Pet Sematary is one of Stephen King’s most popular horror novels that has been adapted for the movie screen 3 times now. The original 1989 Pet Sematary was most famous for that insane grey cat, the cute little kid getting smashed to smithereens by a semi, and for Fred Gwynne as Jud. It was a mediocre movie, but now a cult classic. Pet Sematary 2 was just bad, and best forgotten. In 2019 we have this Stephen King horror show resurrected once again, and in spite of some flaws and unintentional lulz, it was pretty scary and entertaining.
I’ll just say that I am a Stephen King fan, but not a big horror movie fan. I mean, really, SK is the best of the best in writing novels, short stories and really creepy and scary stuff. Some of the initial reviews really put me off and I decided to skip this one, but after reading the reviews from Jimmy Cage and a couple more YouTubers, I decided to give this one a watch, and I’m glad that I did.
Oh, boy, if you are sick of your life, let’s move to Maine, Stephen King’s Maine, where the property that you buy (and apparently have never even investigated) instantly becomes your worst nightmare. More about this later. Pet Sematary is a book that is 37 years old and the original movie was made in 1989, so I’m not going to be too concerned about spoilers. There were some plot and character changes in the 2019 re-make, so I will try to work around those without spoiling.
A doctor (Louis/Jason Clarke) and his wife (Rachel/Amy Seimez) were sick of the rat-race in Boston and decided to renew their life in a rural community in Maine. Apparently they were very lax in actually inspecting the property, either that or had the worst Buyer’s Agent in the country, because their property had some severe drawbacks. It was located on a very busy trucking lane + the back side of the property contained an ancient Indian burial ground and a weird pet cemetery. If you have watched any horror movies at all, you know that this means lots of unusual and horrific supernatural events are inevitable.
Apparently the speed and safe driving laws in Maine are to be ignored as Louis immediately has an unexpectedly grisly encounter with Victor, the victim of a horrific auto accident. Shortly after, on Halloween, the family cat, Church, is run down and killed by the seemingly never-ending parade of speeding semi-trucks that pass in front of their house. The daughter, Ellie had already visited the spooky Pet Sematary, seen the creepy kids in the animal masks, and met Jud (John Lithgow), who warned her to never venture past the barrier. As you know, warnings are NEVER heeded in horror movies, so things go downhill fast for this hapless family.
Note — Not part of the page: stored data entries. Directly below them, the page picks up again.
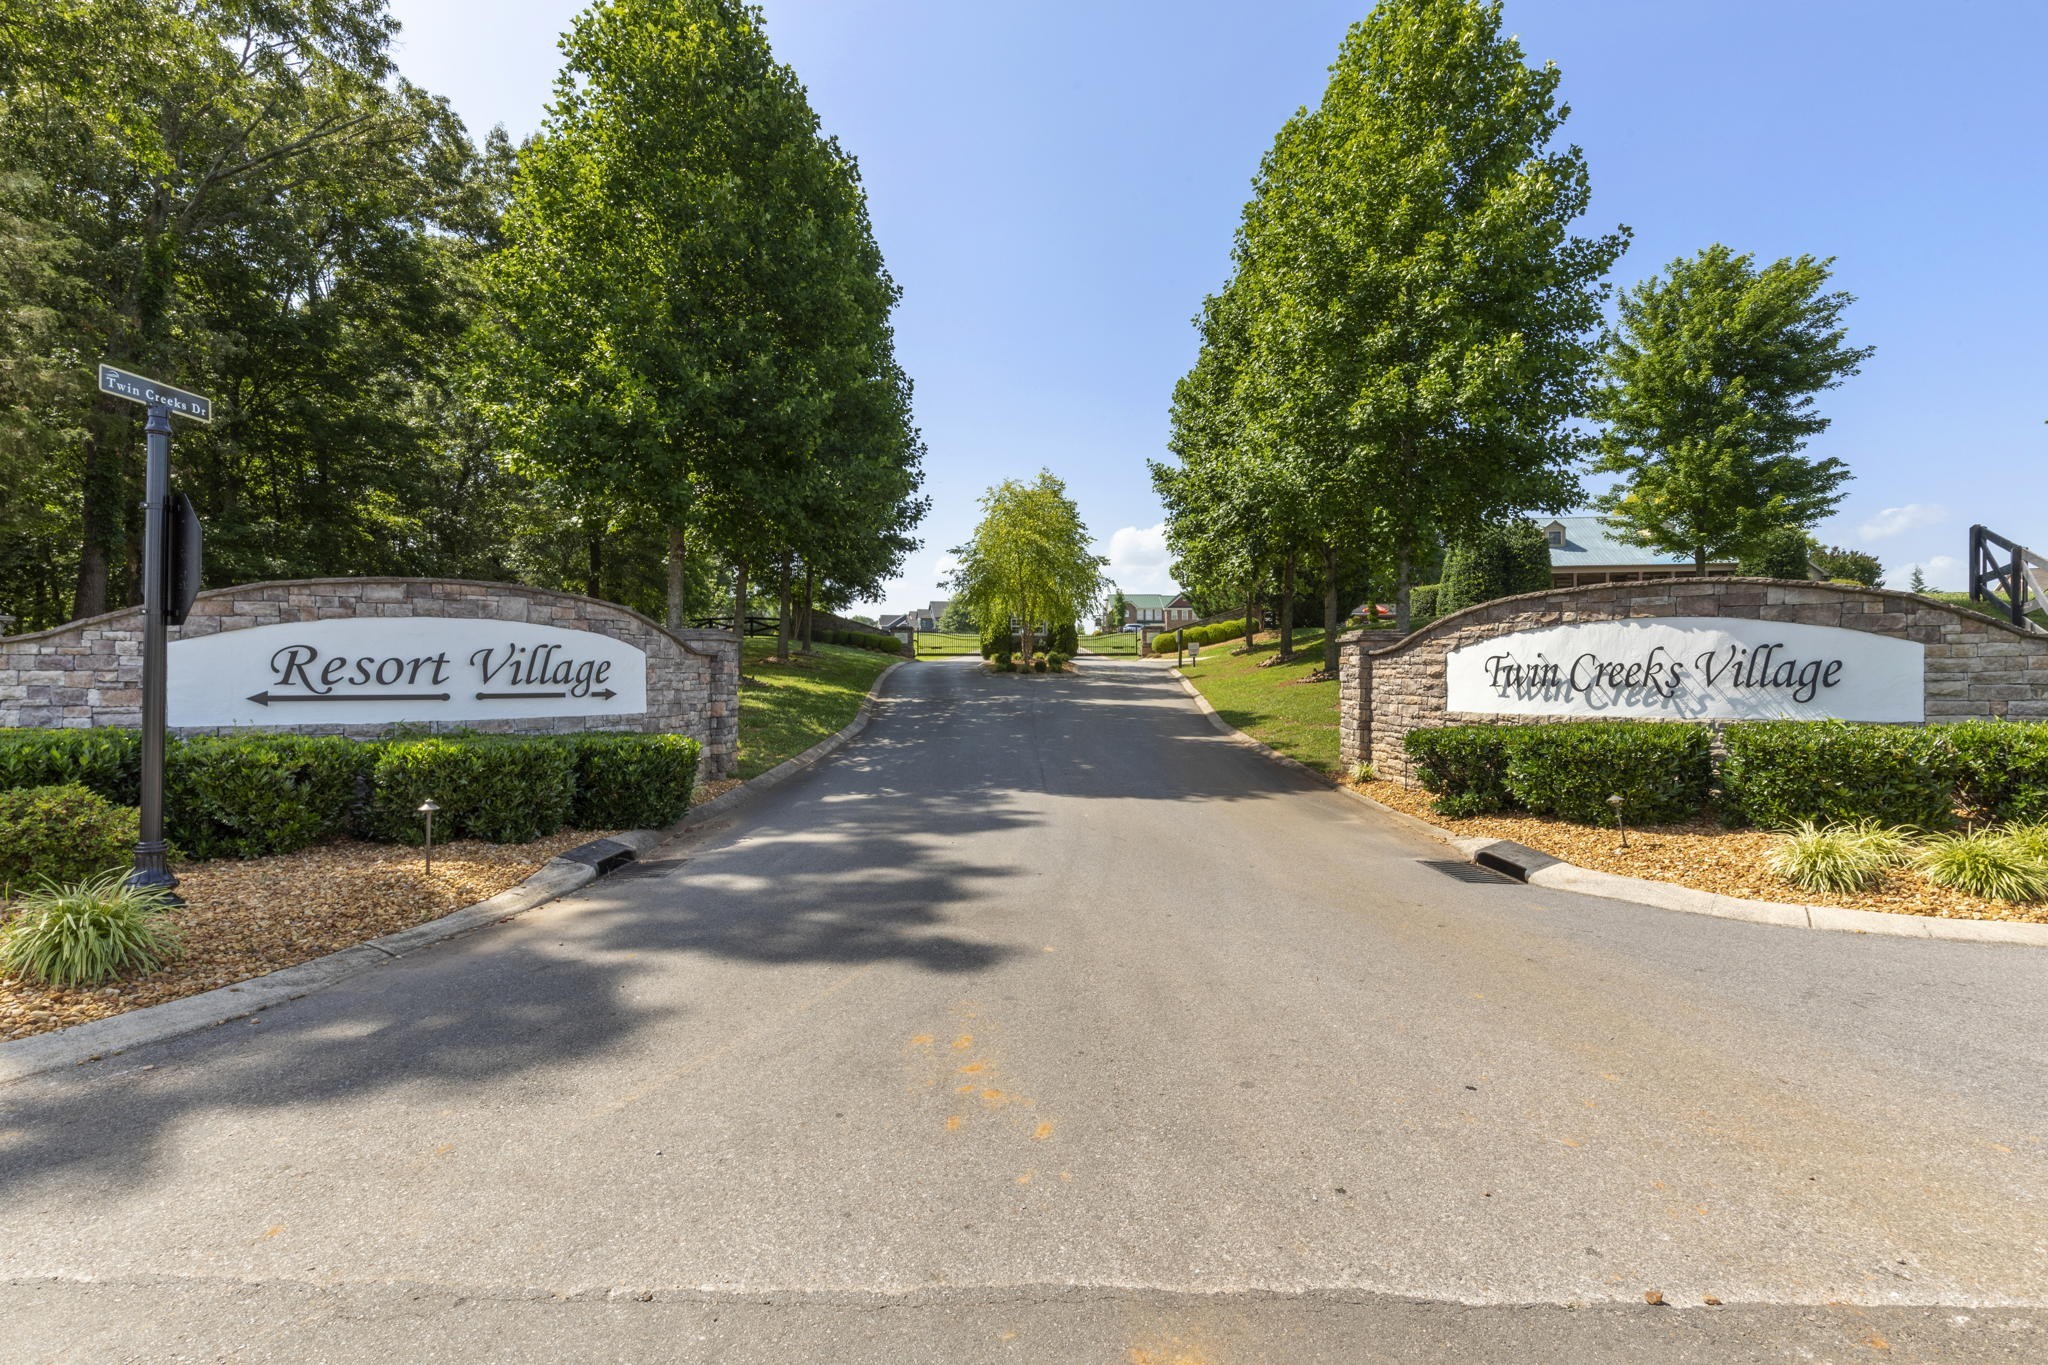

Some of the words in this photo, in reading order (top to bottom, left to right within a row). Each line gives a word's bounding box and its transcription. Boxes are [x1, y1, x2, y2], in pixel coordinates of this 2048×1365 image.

[106, 377, 140, 396] Twin
[145, 389, 187, 410] Creeks
[191, 403, 206, 416] Dr
[270, 644, 450, 694] Resort
[470, 643, 612, 697] Village
[1485, 651, 1559, 687] Twin
[1570, 646, 1683, 698] Creeks
[1695, 643, 1843, 703] Village
To avoid having to tell Ellie that the cat was killed, Louis told her that the cat ran away and Louis and Jud (ignoring his own warnings) buried the cat beyond the Pet Sematary and on the sacred Indian burial grounds. What could possibly go wrong? Well, it seems that beings that are buried above the Sematary and in the sacred grounds come back to life. That is the good news. The bad news is that they come back to life evil, gnarly and possessed, thanks to a supernatural creature known as a Wendigo.
That’s a lot of backstory, but that is just about all I want to reveal at this time. How about the movie itself? In spite of a lot of negative reviews, I thought it was pretty good, especially the sound mixing and the changes in the plot outcome at the end. It was dark, it was creepy, and the acting was especially good. Rachel (Amy Seimez) was tortured and haunted by the memories or her afflicted sister (Zelda), who she inadvertently sent to her death. Ellie (Jete’ Laurence) was magnificent as the daughter who was just not the same after her tragic accident.
The 2019 Pet Sematary really nailed the creepy atmosphere and tone with superior acting all around. Most re-boots disappoint, but this one certainly did not. The movie made you squirm without resorting merely to gimmicks and jump-scares. If you are a fan of Stephen King, or just like great horror fare, don’t miss this one.
7.5/10.0 With the Goatesians Seal of Approval for Horror Films.